--- START ---

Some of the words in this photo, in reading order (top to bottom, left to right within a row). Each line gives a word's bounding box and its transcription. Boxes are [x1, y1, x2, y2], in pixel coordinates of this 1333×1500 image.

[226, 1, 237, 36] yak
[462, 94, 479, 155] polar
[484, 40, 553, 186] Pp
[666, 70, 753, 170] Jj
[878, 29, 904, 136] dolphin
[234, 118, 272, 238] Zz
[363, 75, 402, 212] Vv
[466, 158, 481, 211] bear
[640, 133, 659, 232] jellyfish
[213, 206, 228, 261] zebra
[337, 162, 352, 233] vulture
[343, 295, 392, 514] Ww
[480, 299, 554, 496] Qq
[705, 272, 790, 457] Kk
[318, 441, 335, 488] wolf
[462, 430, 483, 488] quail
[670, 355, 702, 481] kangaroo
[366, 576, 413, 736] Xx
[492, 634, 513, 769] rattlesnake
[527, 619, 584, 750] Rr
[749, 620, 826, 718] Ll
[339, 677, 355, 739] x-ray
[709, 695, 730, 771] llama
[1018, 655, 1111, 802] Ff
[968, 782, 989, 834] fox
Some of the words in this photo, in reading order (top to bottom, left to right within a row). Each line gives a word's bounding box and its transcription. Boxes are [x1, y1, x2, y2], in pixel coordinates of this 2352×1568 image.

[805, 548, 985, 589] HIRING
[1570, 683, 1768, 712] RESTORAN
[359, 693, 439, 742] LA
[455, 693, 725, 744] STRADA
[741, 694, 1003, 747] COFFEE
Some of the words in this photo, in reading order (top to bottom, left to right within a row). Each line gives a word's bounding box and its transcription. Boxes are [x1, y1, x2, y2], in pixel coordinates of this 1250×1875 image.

--- END ---

Exercise directions:
Output the full listing exactly as it stands.

Exercise output:
Some of the words in this photo, in reading order (top to bottom, left to right within a row). Each line gives a word's bounding box and its transcription. Boxes are [x1, y1, x2, y2], in pixel coordinates of this 1333×1500 image.

[226, 1, 237, 36] yak
[462, 94, 479, 155] polar
[484, 40, 553, 186] Pp
[666, 70, 753, 170] Jj
[878, 29, 904, 136] dolphin
[234, 118, 272, 238] Zz
[363, 75, 402, 212] Vv
[466, 158, 481, 211] bear
[640, 133, 659, 232] jellyfish
[213, 206, 228, 261] zebra
[337, 162, 352, 233] vulture
[343, 295, 392, 514] Ww
[480, 299, 554, 496] Qq
[705, 272, 790, 457] Kk
[318, 441, 335, 488] wolf
[462, 430, 483, 488] quail
[670, 355, 702, 481] kangaroo
[366, 576, 413, 736] Xx
[492, 634, 513, 769] rattlesnake
[527, 619, 584, 750] Rr
[749, 620, 826, 718] Ll
[339, 677, 355, 739] x-ray
[709, 695, 730, 771] llama
[1018, 655, 1111, 802] Ff
[968, 782, 989, 834] fox
Some of the words in this photo, in reading order (top to bottom, left to right within a row). Each line gives a word's bounding box and its transcription. Boxes are [x1, y1, x2, y2], in pixel coordinates of this 2352×1568 image.

[805, 548, 985, 589] HIRING
[1570, 683, 1768, 712] RESTORAN
[359, 693, 439, 742] LA
[455, 693, 725, 744] STRADA
[741, 694, 1003, 747] COFFEE
Some of the words in this photo, in reading order (top to bottom, left to right within a row). Each line gives a word's bounding box and its transcription. Boxes are [x1, y1, x2, y2], in pixel coordinates of this 1250×1875 image.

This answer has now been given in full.